**Exercise goal:**
Return every line below exactly as written.

Dataset entries:
+---+
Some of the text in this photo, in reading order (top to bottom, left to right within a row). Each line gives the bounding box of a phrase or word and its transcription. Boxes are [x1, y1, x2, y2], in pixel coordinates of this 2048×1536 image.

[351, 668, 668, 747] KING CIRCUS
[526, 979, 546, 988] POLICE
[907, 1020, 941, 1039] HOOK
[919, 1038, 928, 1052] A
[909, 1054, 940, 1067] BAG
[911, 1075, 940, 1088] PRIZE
+---+
**Solved exercise:**
Some of the text in this photo, in reading order (top to bottom, left to right within a row). Each line gives the bounding box of a phrase or word and its transcription. Boxes are [x1, y1, x2, y2], in pixel coordinates of this 2048×1536 image.

[351, 668, 668, 747] KING CIRCUS
[526, 979, 546, 988] POLICE
[907, 1020, 941, 1039] HOOK
[919, 1038, 928, 1052] A
[909, 1054, 940, 1067] BAG
[911, 1075, 940, 1088] PRIZE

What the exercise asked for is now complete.